(Free-text object descriptions)
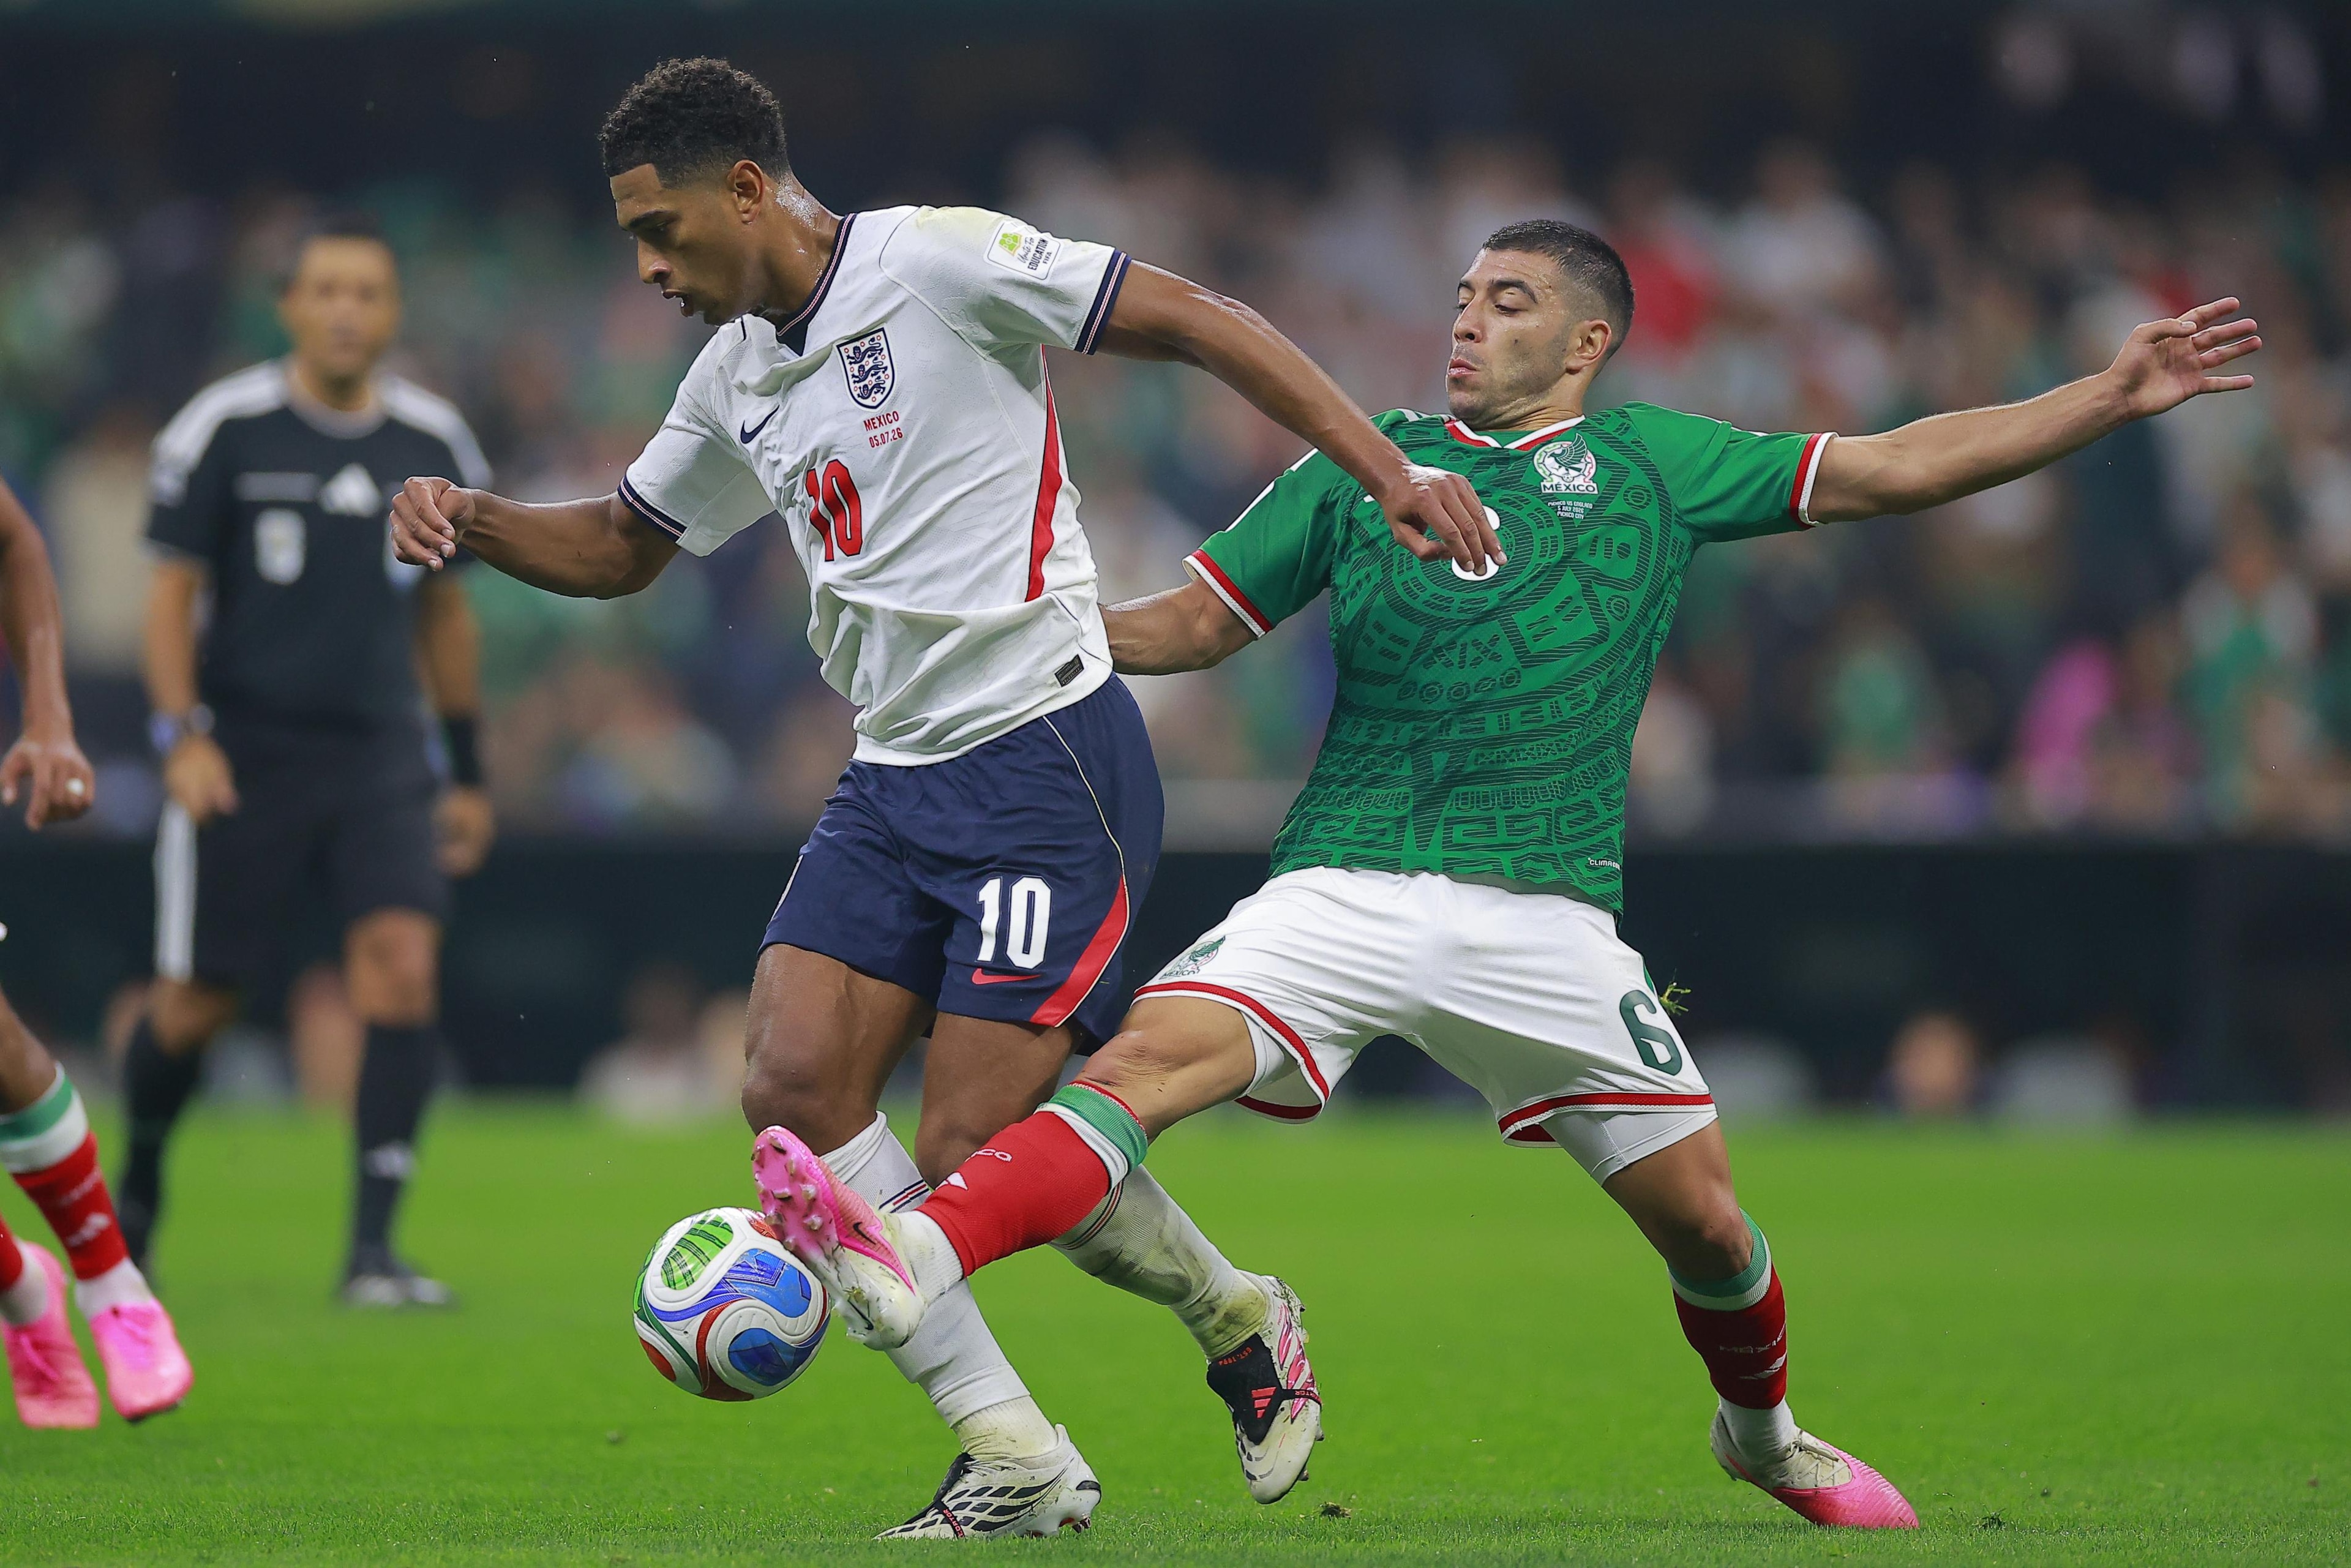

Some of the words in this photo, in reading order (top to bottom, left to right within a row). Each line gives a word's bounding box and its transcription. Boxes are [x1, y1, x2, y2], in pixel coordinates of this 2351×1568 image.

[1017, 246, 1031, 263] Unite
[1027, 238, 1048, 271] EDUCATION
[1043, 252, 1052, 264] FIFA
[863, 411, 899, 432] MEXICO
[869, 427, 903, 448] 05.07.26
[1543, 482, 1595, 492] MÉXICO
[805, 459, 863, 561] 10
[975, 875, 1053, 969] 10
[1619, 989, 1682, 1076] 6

→ WORK ITEM:
Verbatim repetition of the entries is required, excluding any pictures.

→ SOLUTION TO THE PROBLEM:
Some of the words in this photo, in reading order (top to bottom, left to right within a row). Each line gives a word's bounding box and its transcription. Boxes are [x1, y1, x2, y2], in pixel coordinates of this 2351×1568 image.

[1017, 246, 1031, 263] Unite
[1027, 238, 1048, 271] EDUCATION
[1043, 252, 1052, 264] FIFA
[863, 411, 899, 432] MEXICO
[869, 427, 903, 448] 05.07.26
[1543, 482, 1595, 492] MÉXICO
[805, 459, 863, 561] 10
[975, 875, 1053, 969] 10
[1619, 989, 1682, 1076] 6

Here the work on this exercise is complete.